Menurut Gosong, membuat cuaca di luar prediksi BMKG sebenarnya tekniknya ya sama seperti sehari-hari yang ia lakukan sebagai pawang hujan. Namun, dari pengalamannya melihat prakiraan cuaca dari BMKG, ia tidak pernah mau melihat atau mendengarnya lagi. Gosong takut.
Alasan pawang hujan takut dengan prediksi BMKG
“Ndredek, Mas. Aku wedi, malah jadi kepikiran membuat hati down. Yang penting apa yang bisa aku buat, aku lakukan, kalau lihat-lihat prediksi seperti itu, malah jadi takut. Jadi kepikiran,” kata Gosong tertawa.
Bagi Gosong, penting untuk menjaga pikiran tenang. Ia memberi contoh lain bagaimana ketika menurut ramalan cuaca, di kampung lokasi syuting akan hujan. Hati Gosong sempat nggak tenang, apalagi ketika melihat orang yang lewat kampung tersebut sudah mengenakan jas hujan.

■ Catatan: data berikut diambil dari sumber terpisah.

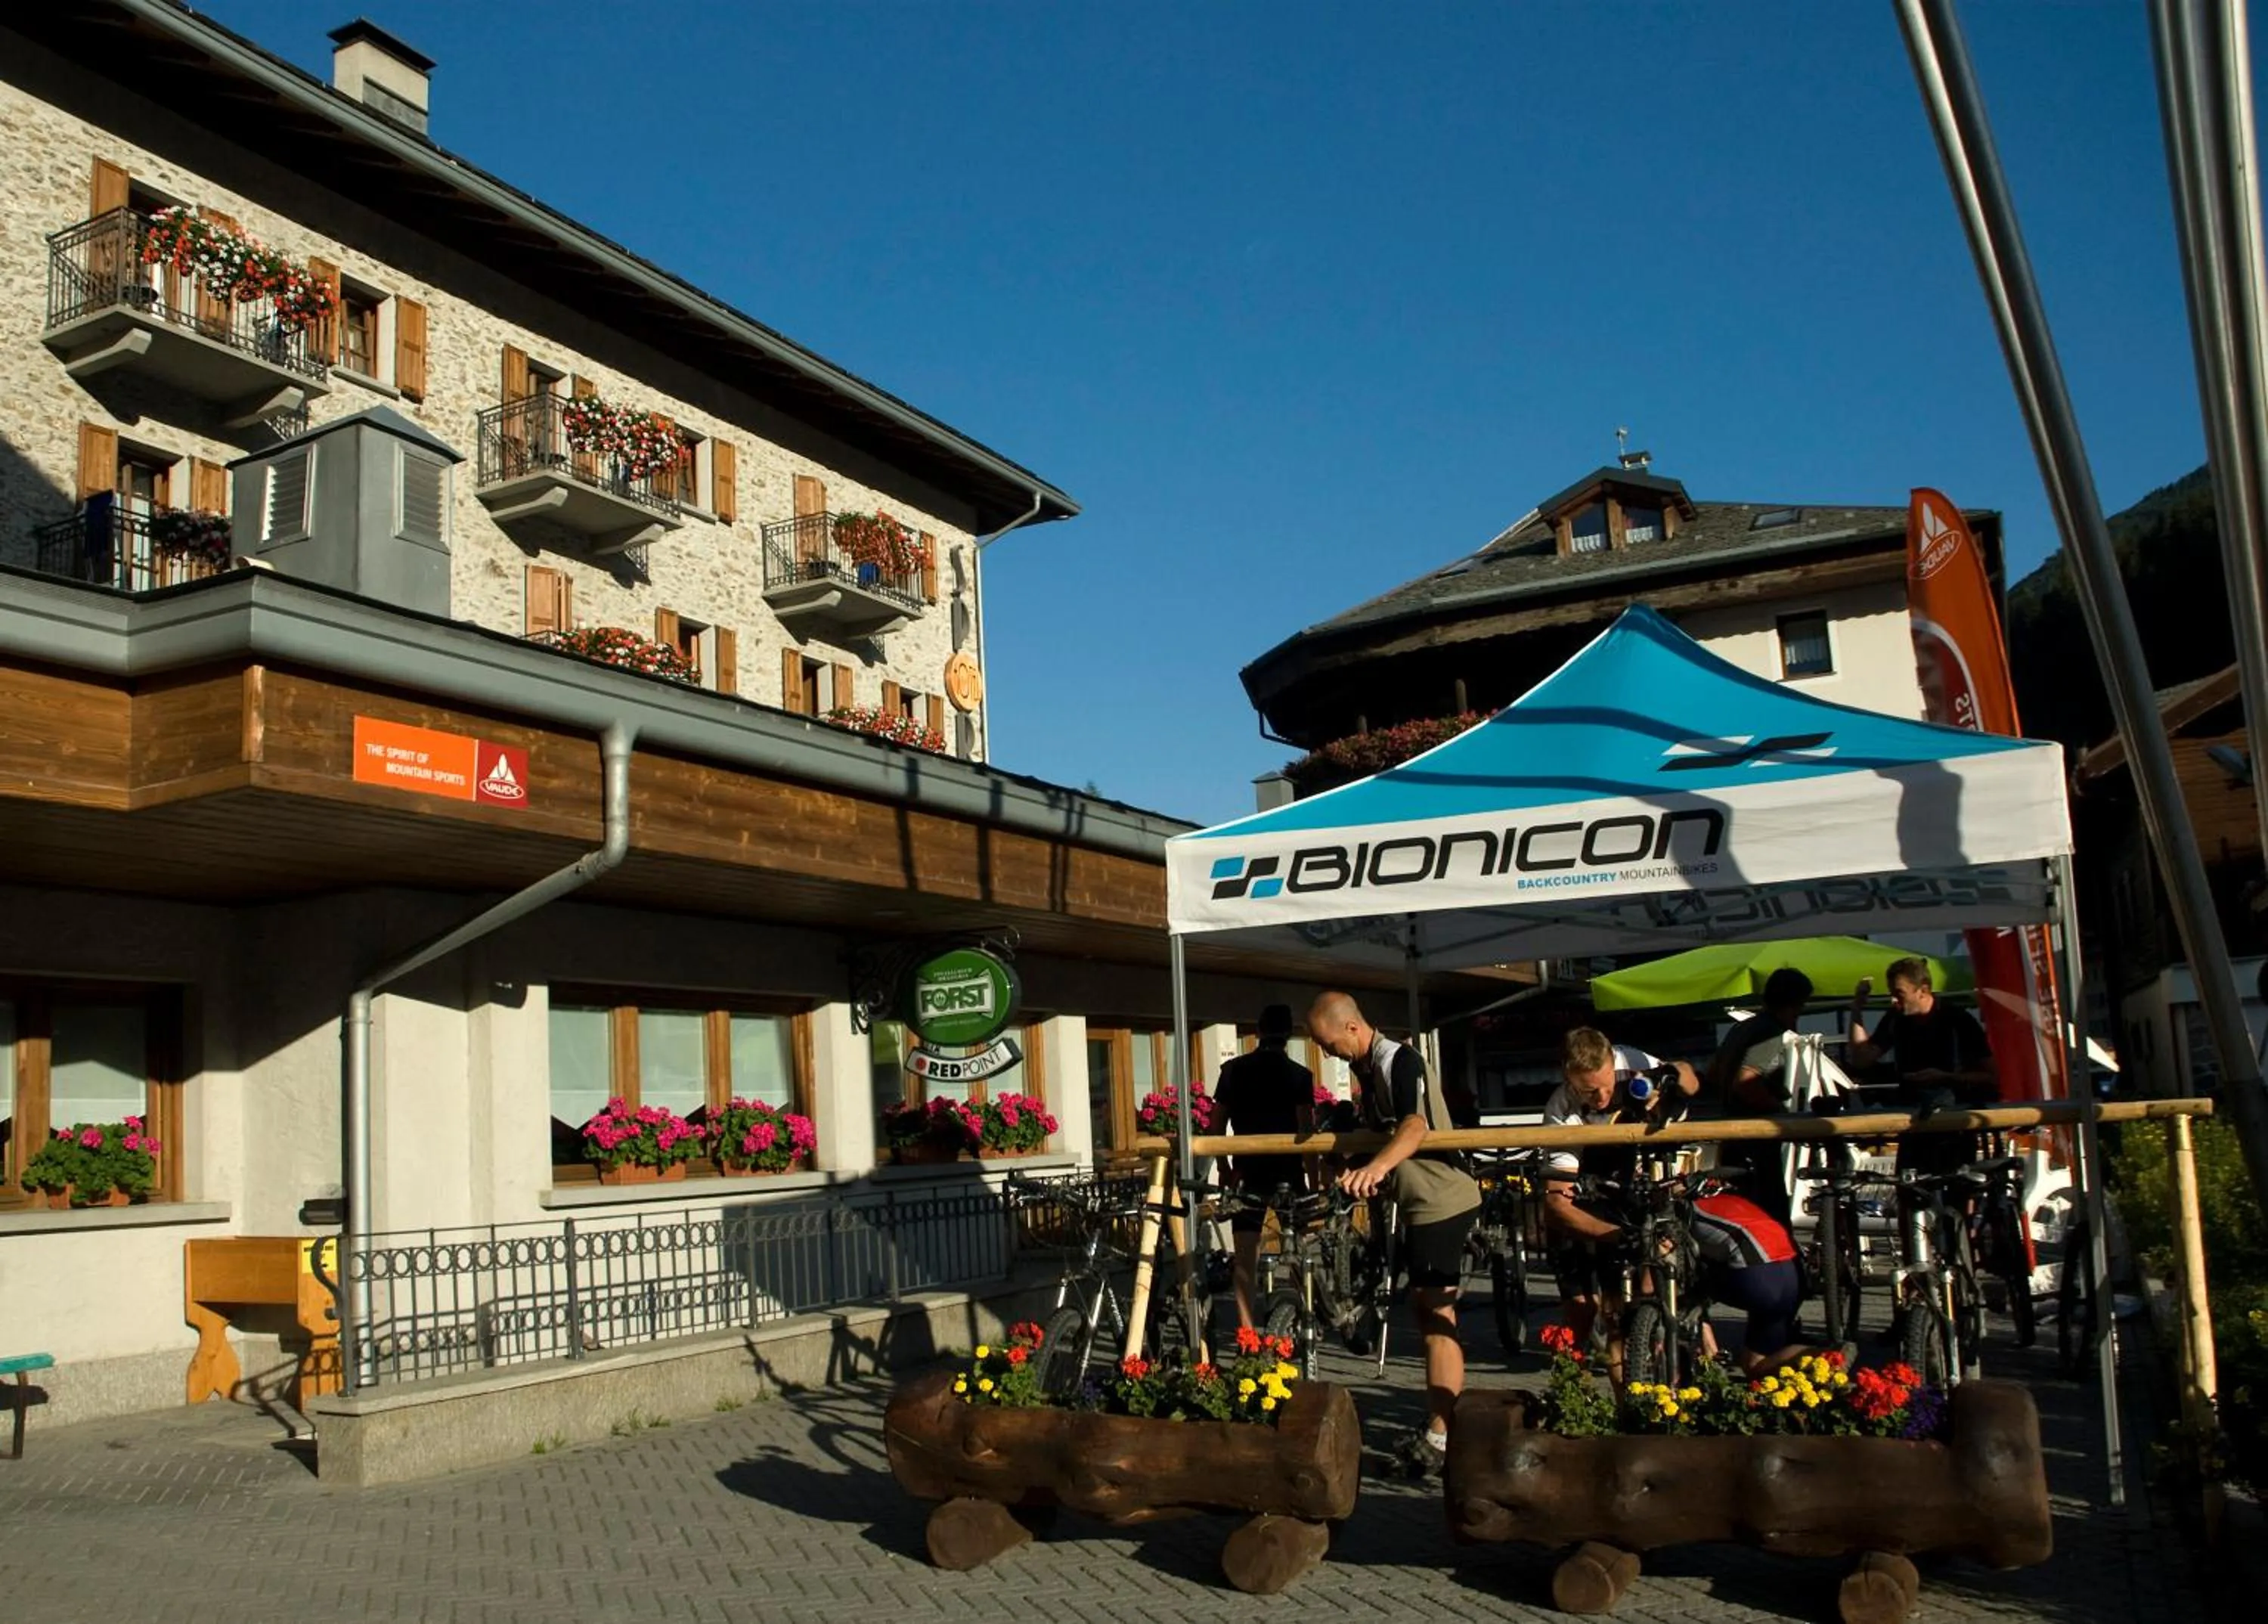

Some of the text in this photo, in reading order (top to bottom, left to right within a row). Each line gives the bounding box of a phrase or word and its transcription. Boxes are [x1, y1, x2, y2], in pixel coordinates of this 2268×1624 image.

Ia kemudian kembali pada konsentrasinya untuk menahan hujan. Hasilnya, dua kampung yang mengapit kampung lokasi syuting yang hujan. “Aku sampai mau pingsan, aslinya karena tegang jadi malah pikiran kemana-mana,” kata Gosong.
Ia juga mendengar hujan tinggi karena sebab adanya badai La Nina atau El Nino. Hal itu bagi tim produksi sedikit memberi kewajaran jika kemudian turun hujan. Namun, bagi Gosong, apapun istilahnya kalau itu berhubungan dengan kariernya, apakah La Nina atau El Nino akan ia lawan.
“Nek iki urusane karier, arep El Nino atau badai La NIna, tak lawan. Aku nduwe dekengan pusat (Tuhan-red) kok,” kata Gosong.
Doa tidak hujan itu bukan seperti menghidupkan dan mematikan televisi
Gosong mengatakan, dalam usahanya mengatur hujan, doa jadi hal penting. Ia bisa saja meminta kepada Tuhan agar hujan turun sebelum waktu syuting atau setelah waktu syuting. Hanya saja menurutnya doa itu beda dengan televisi.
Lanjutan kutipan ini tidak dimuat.